Project/Area Number	26750160
Research Category	Grant-in-Aid for Young Scientists (B)
Allocation Type	Multi-year Fund
Research Field	Biomedical engineering/Biomaterial science and engineering
Research Institution	Institute of Physical and Chemical Research (2016) Tokyo Women's Medical University (2014-2015)
Principal Investigator	AKIMOTO JUN 国立研究開発法人理化学研究所, 伊藤ナノ医工学研究室, 基礎科学特別研究員 (80649682)
Project Period (FY)	2014-04-01 – 2017-03-31
Project Status	Completed (Fiscal Year 2016)
Budget Amount *help	¥3,900,000 (Direct Cost: ¥3,000,000、Indirect Cost: ¥900,000) Fiscal Year 2016: ¥1,300,000 (Direct Cost: ¥1,000,000、Indirect Cost: ¥300,000) Fiscal Year 2015: ¥1,300,000 (Direct Cost: ¥1,000,000、Indirect Cost: ¥300,000) Fiscal Year 2014: ¥1,300,000 (Direct Cost: ¥1,000,000、Indirect Cost: ¥300,000)

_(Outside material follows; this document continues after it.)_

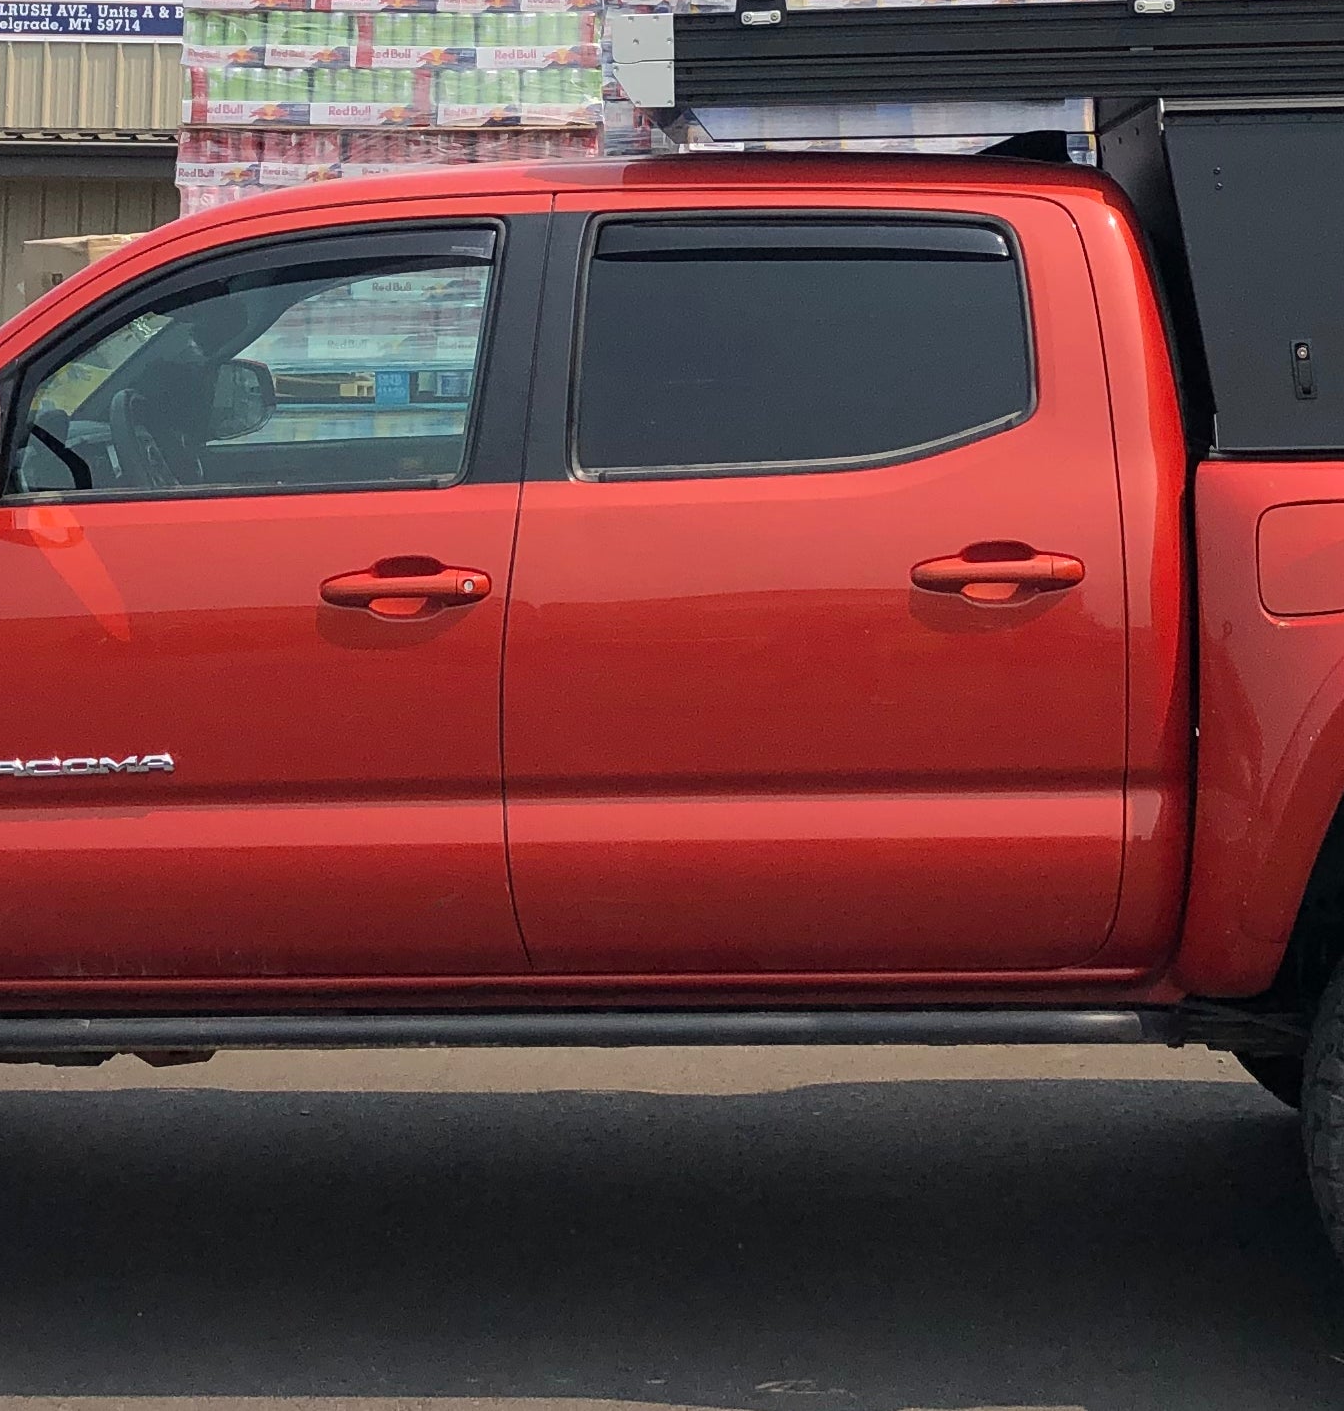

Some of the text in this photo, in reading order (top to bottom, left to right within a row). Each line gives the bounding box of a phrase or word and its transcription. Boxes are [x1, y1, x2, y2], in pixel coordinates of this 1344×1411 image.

Keywords	ドラッグデリバリーシステム / 小胞体ストレス / 高分子ミセル / 刺激応答性材料 / 温度応答性
Outline of Final Research Achievements	Cells become “endoplasmic reticulum (ER) stress” under the accumulation of abnormal proteins inside ER and induce apoptosis under the excess ER stress. In this study, ER stress derived cell apoptosis inducing system was developed by the intracellular delivery of protein reactive molecules using nanoparticles to attack proteins inside cells. To attack intracellular proteins, the study employed chloromethyl compounds because chloromethyl chemicals have high reactivity with thiol groups on proteins. The study revealed that several chloromethyl compounds, in particular chloromethyl alkenes, showed scarce cellular cytotoxicity when they applied to cells alone. In contrast, chloromethyl compounds exhibited high cytotoxicity by intracellular introduction with nanoparticles. From the results, chloromethyl compounds are possibly applied to new cell death inducing agents by using them with nanopartilces that possess selective intracellular uptake property.